━━━ Record set
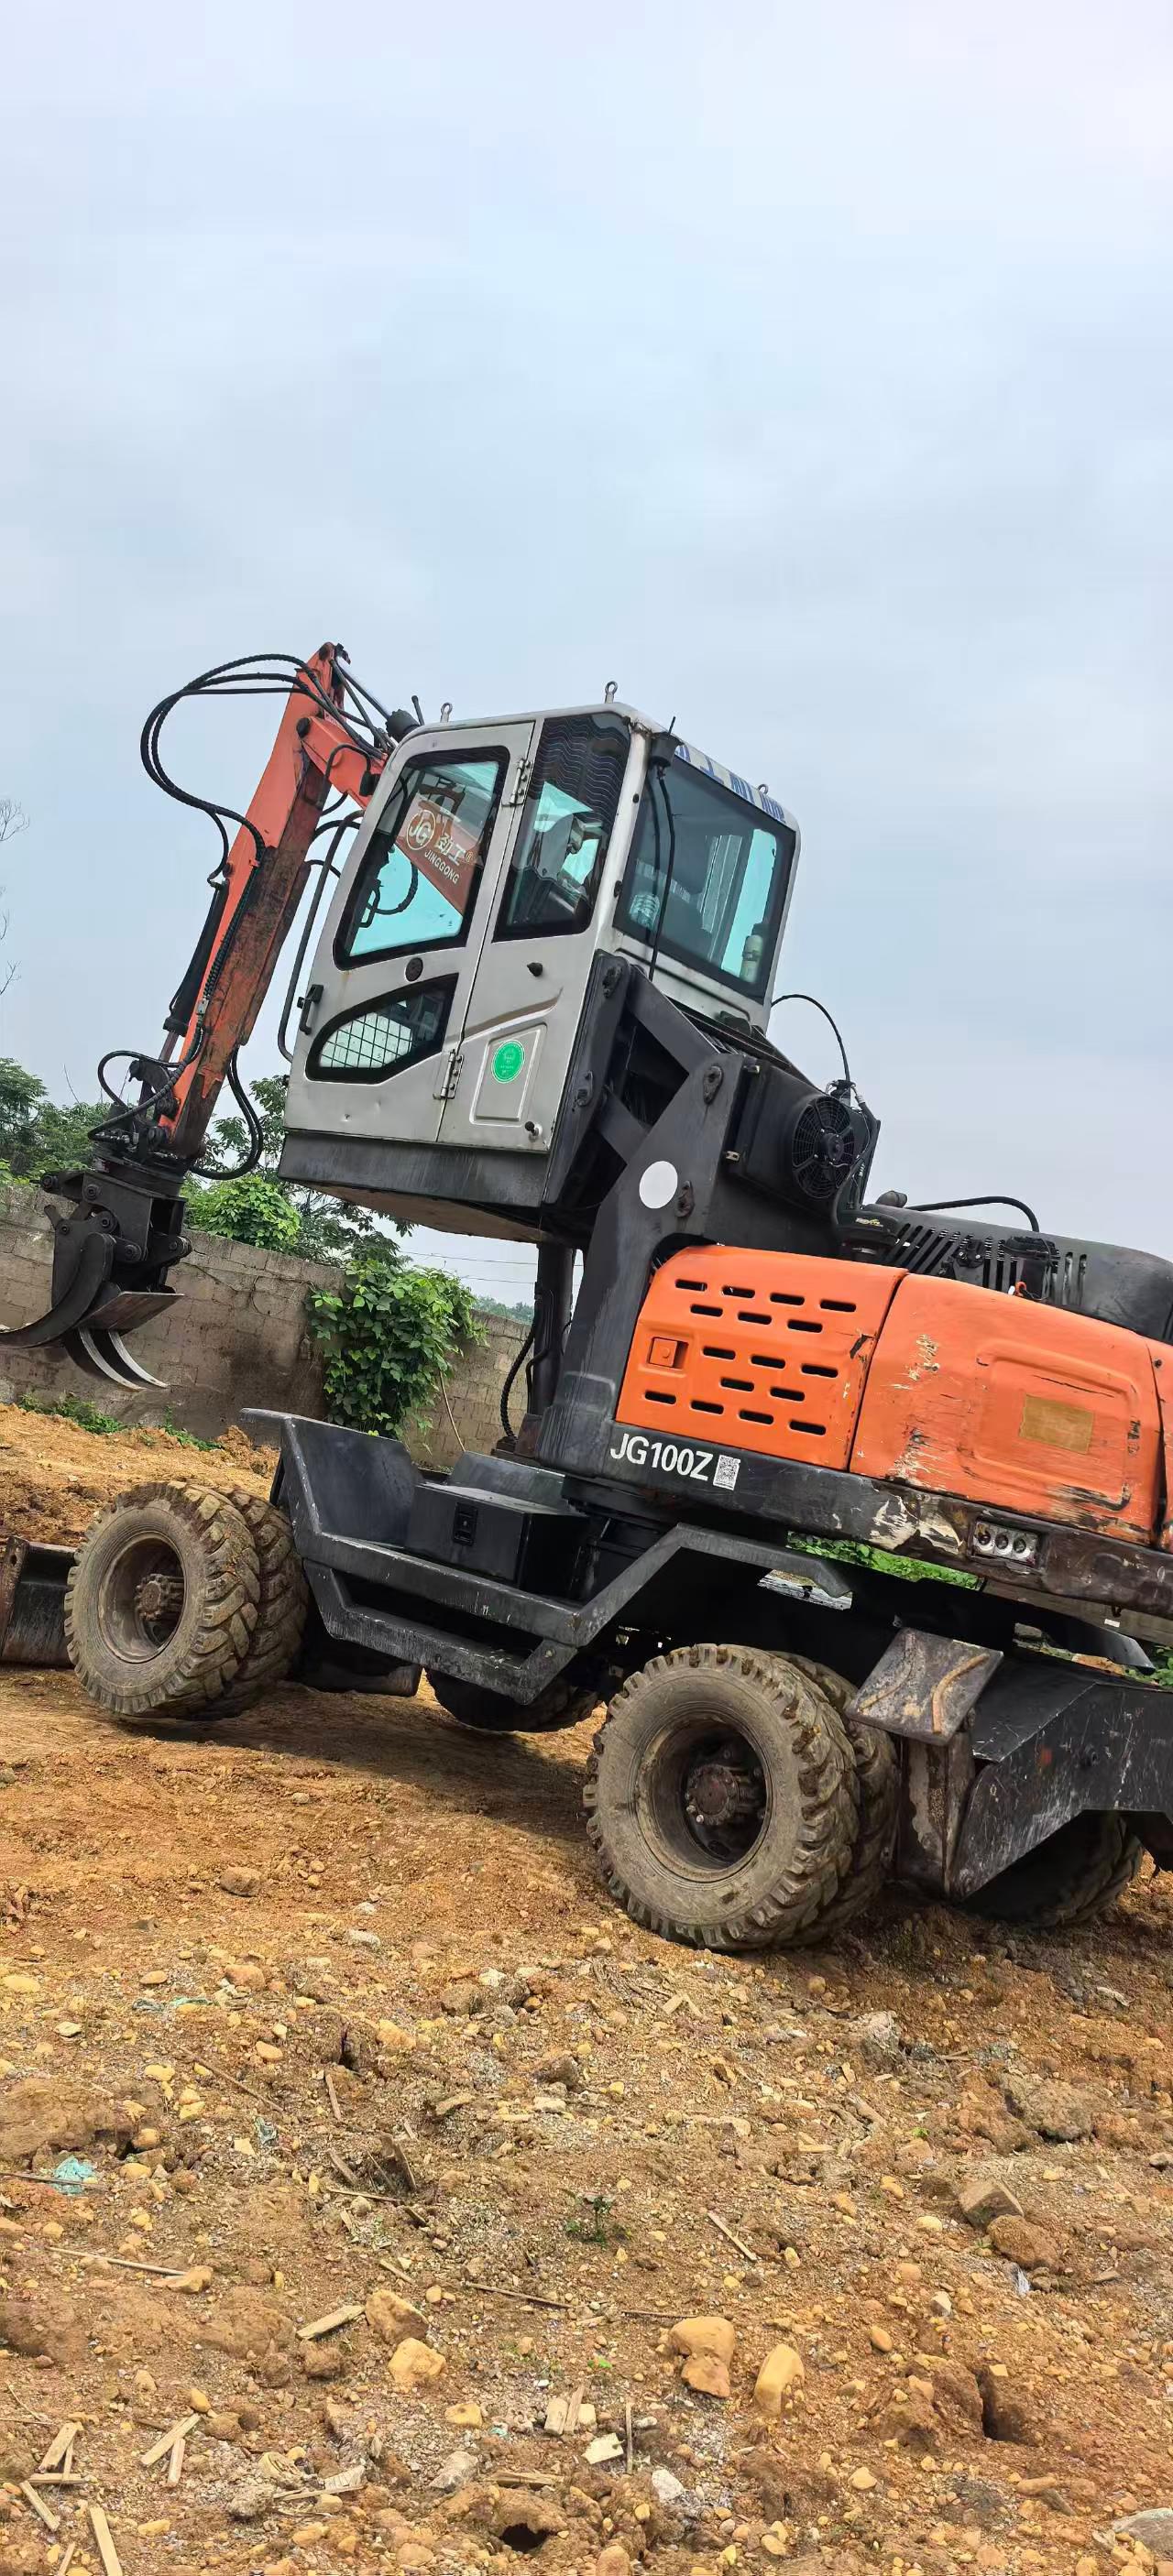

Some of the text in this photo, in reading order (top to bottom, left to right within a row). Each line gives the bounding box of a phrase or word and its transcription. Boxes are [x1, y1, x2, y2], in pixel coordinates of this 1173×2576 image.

[408, 815, 433, 845] JG
[424, 849, 460, 884] JINGGONG
[609, 1433, 714, 1481] JG100Z
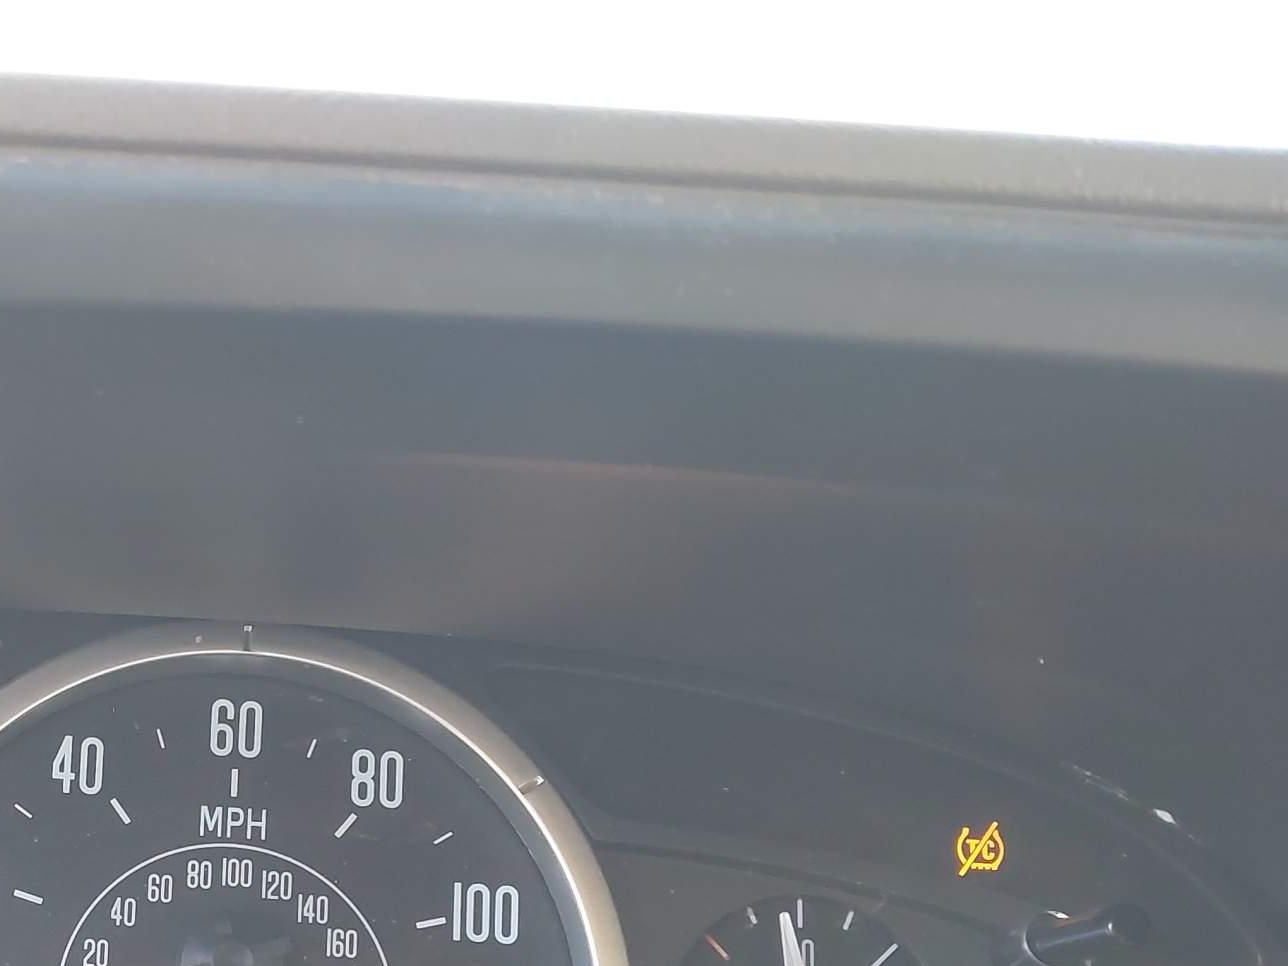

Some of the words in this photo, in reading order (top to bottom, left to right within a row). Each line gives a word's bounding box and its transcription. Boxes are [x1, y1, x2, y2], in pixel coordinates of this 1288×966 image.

[209, 700, 263, 758] 60
[52, 736, 104, 795] 40
[351, 750, 404, 808] 80
[199, 806, 268, 841] MPH
[186, 860, 212, 888] 80
[221, 859, 253, 887] 100
[261, 871, 293, 900] 120
[147, 874, 173, 903] 60
[110, 897, 137, 926] 40
[296, 894, 329, 923] 140
[452, 882, 520, 944] 100
[326, 929, 358, 959] 160
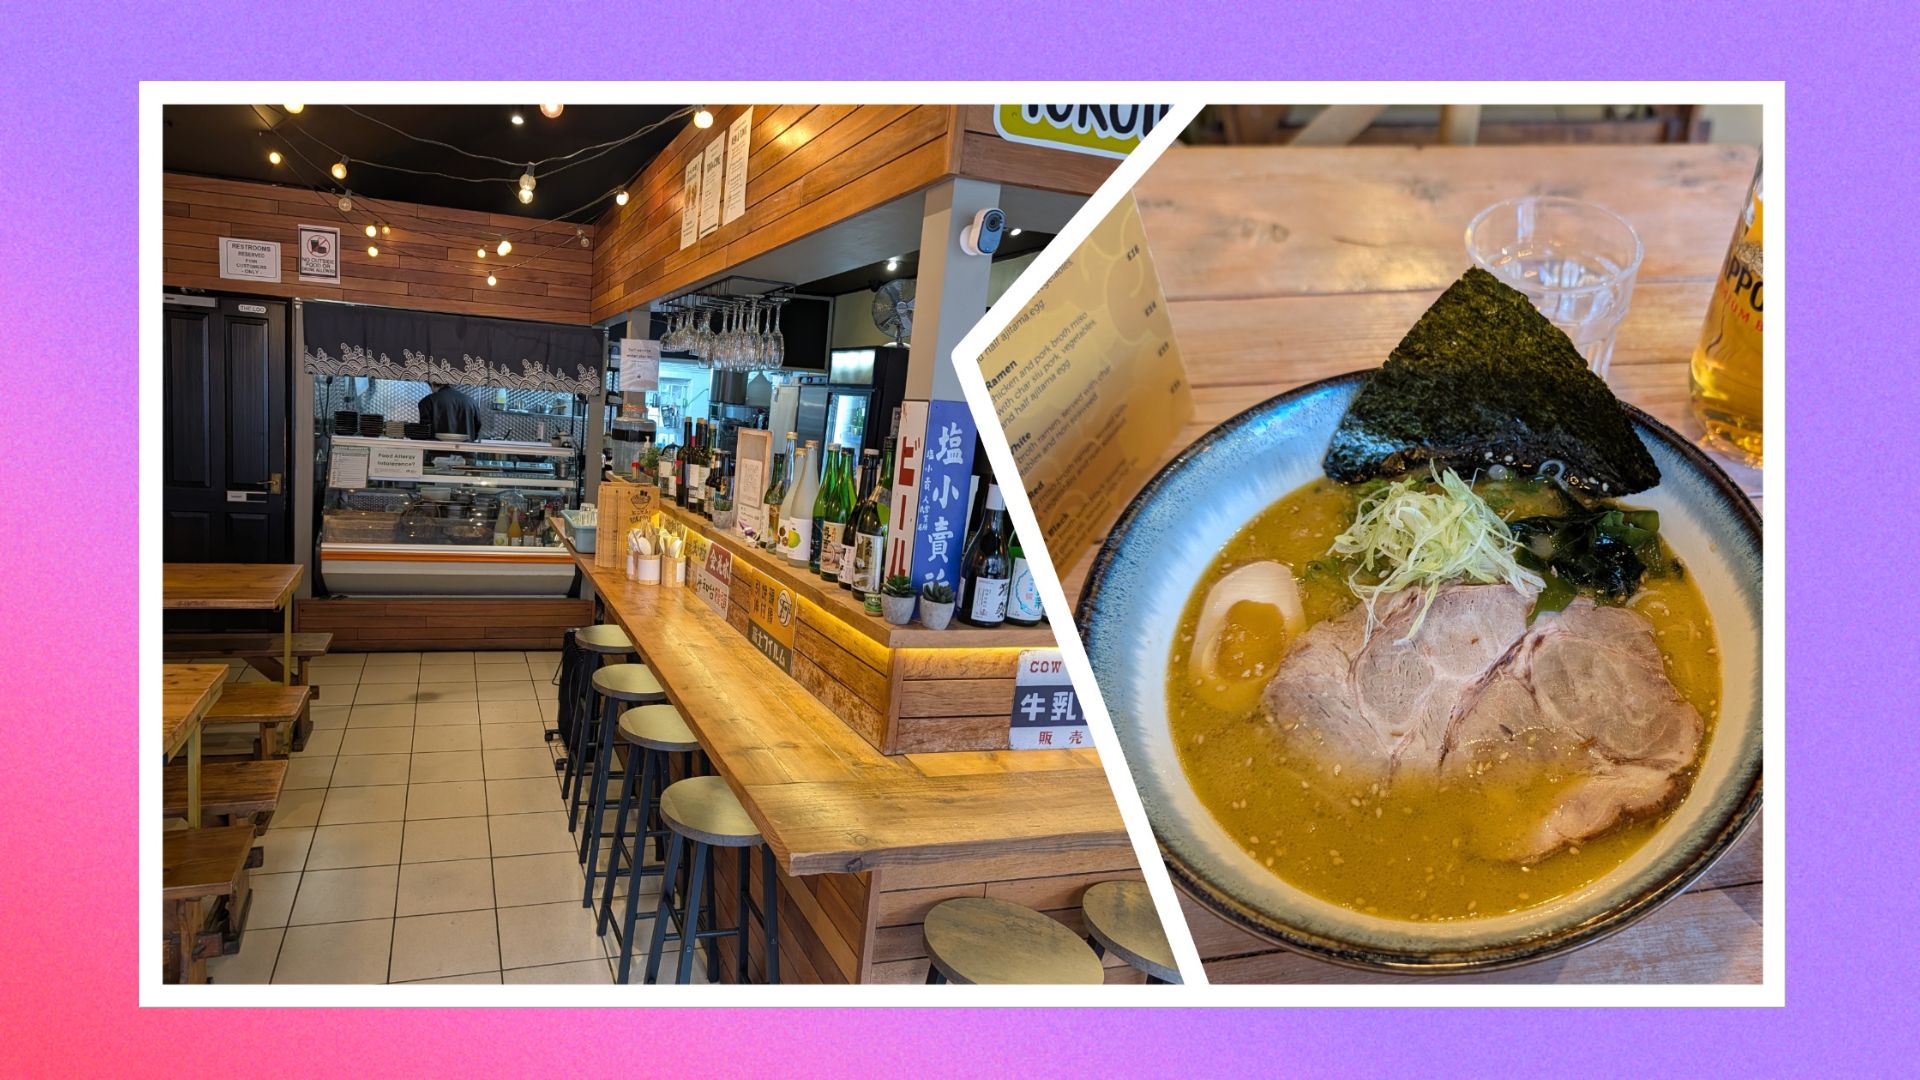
━━━━━━
> [The task]
Give again the lines from the line that contains "Some of the words" through the last line of the material above, exactly and with both ends included. Omit the pictures.

> [Your response]
Some of the words in this photo, in reading order (top to bottom, left to right within a row). Each line gives a word's bounding box and its transcription. Boxes are [x1, y1, x2, y2], in pixel coordinates of this 1288×966 image.

[209, 700, 263, 758] 60
[52, 736, 104, 795] 40
[351, 750, 404, 808] 80
[199, 806, 268, 841] MPH
[186, 860, 212, 888] 80
[221, 859, 253, 887] 100
[261, 871, 293, 900] 120
[147, 874, 173, 903] 60
[110, 897, 137, 926] 40
[296, 894, 329, 923] 140
[452, 882, 520, 944] 100
[326, 929, 358, 959] 160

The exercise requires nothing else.